Invest in Mutual Funds &
Get More Returns than Bank Deposit
Certainly, NRIs can invest in mutual funds in India – as long as they adhere to the Foreign Exchange Management Act (FEMA). A mutual fund in your home country can give you a diversified portfolio with the desired mix of debt and equity securities. Even if you are risk-averse and want a fixed income investment avenue, the Indian debt market comes with higher interest rates. You may start with equity funds, debt funds, or hybrid funds.
As one of the emerging economies in the world, India attracts thousands of foreign investors. Given below are some of the benefits NRIs enjoy by investing in the Indian mutual funds.
With the option of investing online, it is easier to track and manage your mutual fund from the residence country too. Investors can buy, redeem, switch as well as opt for systematic transfer or withdrawals online. There is no need for issuing cheques, make DDs, fill in physical forms, or even be in the same country! You will receive regular account statements (CAS) through emails. Asset Management Companies also post portfolio disclosures online to keep investors informed.
If the rupee value surges against the resident country’s currency, then it means more profits for the investor. For instance, if an NRI from the UK invests 1,000 pounds in a mutual fund in India at an exchange rate of Rs 100 to 1 pound, then even with possible depreciation, the investor can reap good returns. NRIs also get the same benefits by investing in India-based mutual funds in their own country of residence.
Asset Management Companies in India are not allowed to accept investments in foreign currencies. Hence, the first step is to open an NRO account, NRE account, or a Foreign Currency Non-Resident (FCNR) account with an Indian bank. You can invest by any of the below methods.

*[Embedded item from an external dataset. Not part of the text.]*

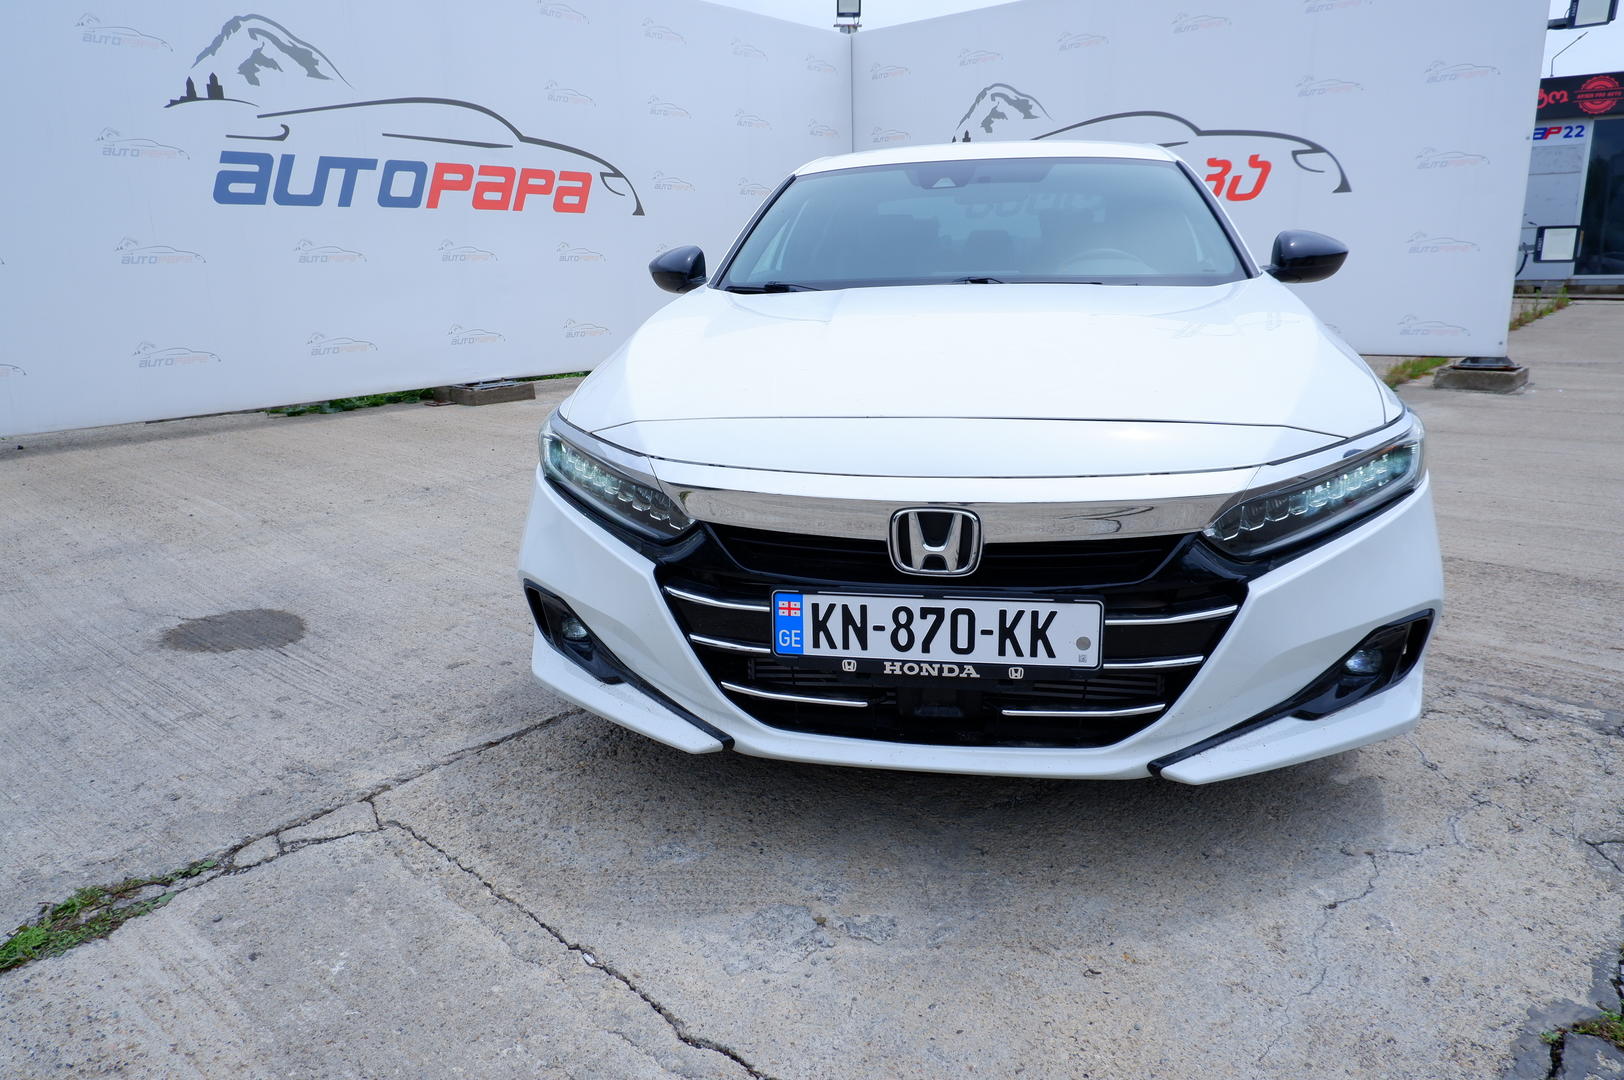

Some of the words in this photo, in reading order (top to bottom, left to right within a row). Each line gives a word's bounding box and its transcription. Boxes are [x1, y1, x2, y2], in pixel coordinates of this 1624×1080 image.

[1563, 125, 1585, 139] 22
[779, 629, 801, 647] GE
[811, 602, 1058, 659] KN-870-KK
[883, 661, 980, 679] HONDA

One can carry out transactions, debiting or crediting through normal banking channels. Your application with the required KYC details must indicate that the investment is on a repatriable or non-repatriable basis. KYC documents include the latest photograph, attested copies of PAN card, passport, residence proof (outside India), and bank statement. The bank may require an in-person verification, which you can comply by visiting the Indian Embassy in your resident country.
Another method is to have someone else invest on your behalf. Mutual fund companies allow Power of Attorney (PoA) holders to invest on your behalf and make decisions about your investments. However, signatures of both the NRI investor and PoA should be present on the KYC documents to invest.
To complete the KYC process, you are required to submit a copy of your passport – relevant pages with name, date of birth, photo, and address. The current residential proof is a must, whether temporary or permanent. Some fund houses may insist on in-person verification.
If you have made the payment via a cheque or a draft, then you must attach a Foreign Inward Remittance Certificate (FIRC) with it. In case that is not possible, then a letter from the bank would also be fine. This confirms the source of funds.
The AMC will credit the corpus (investment + gains) you get after fund redemption to your account after deducting taxes. They can also write a cheque for the same. Some banks allow crediting the redemption amount directly to the NRO/NRE account. If you have opted for non-repatriable investment, then they can credit the proceeds only to an NRO account.
NRI investors often fear that they will have to pay double tax when they invest in India. Well, that is certainly not the case if India has signed the Double Taxation Avoidance Treaty (DTAA) with the respective country. For instance, India has signed this treaty with the United States. Hence, you can claim tax relief in the US, if you have already paid taxes in India.
The gains from equity mutual funds are taxable based on the holding period. Short-term capital gains attract tax at the rate of 15%. However, Long-Term Capital Gains (LTCG), more than Rs 1 lakh, are taxable at the rate of 10.
In the case of debt funds, Short-Term Capital Gains are taxable at the rate of 30%. Holding the fund for more than three years will result in a 20% tax on the gains with indexation benefit. LTCG on non-listed funds will be taxed at the rate of 10% without indexation.
a. SBI Mutual Fund
b. Birla Sun Life Mutual Fund
c. ICICI Prudential Mutual Fund
d. UTI Mutual Fund
e. HDFC Mutual Fund
f. Sundaram Mutual Fund
g. DHFL Pramerica Mutual Fund
h. PPFAS Mutual Fund
i. L&T Mutual Fund
a. Your investment carries the right of repatriation of the amount invested and amount earned, only until you remain an NRI.
b. Residential address in the resident country is a mandatory field. Hence, you must also attach an attested proof along with the application.
c. The compliance requirement is the US and Canada are more stringent as compared to other nations. According to FATCA guidelines, all financial institutions must share the details of financial transactions involving a US person with the US Government.
d. Are you a resident of any of the 90 countries that have signed Common Reporting Standard? CRS is a global reporting system to combat tax evasion.
In short, NRIs can choose to invest in his/her home country. The process may have some initial hassles. However, in the long run, the return on investment would be worth it. Currently, only eight fund houses accept mutual fund investment from NRIs residing in the US and Canada. So, there is certainly no reason for you to be left out of investing in one of the fastest-growing economies.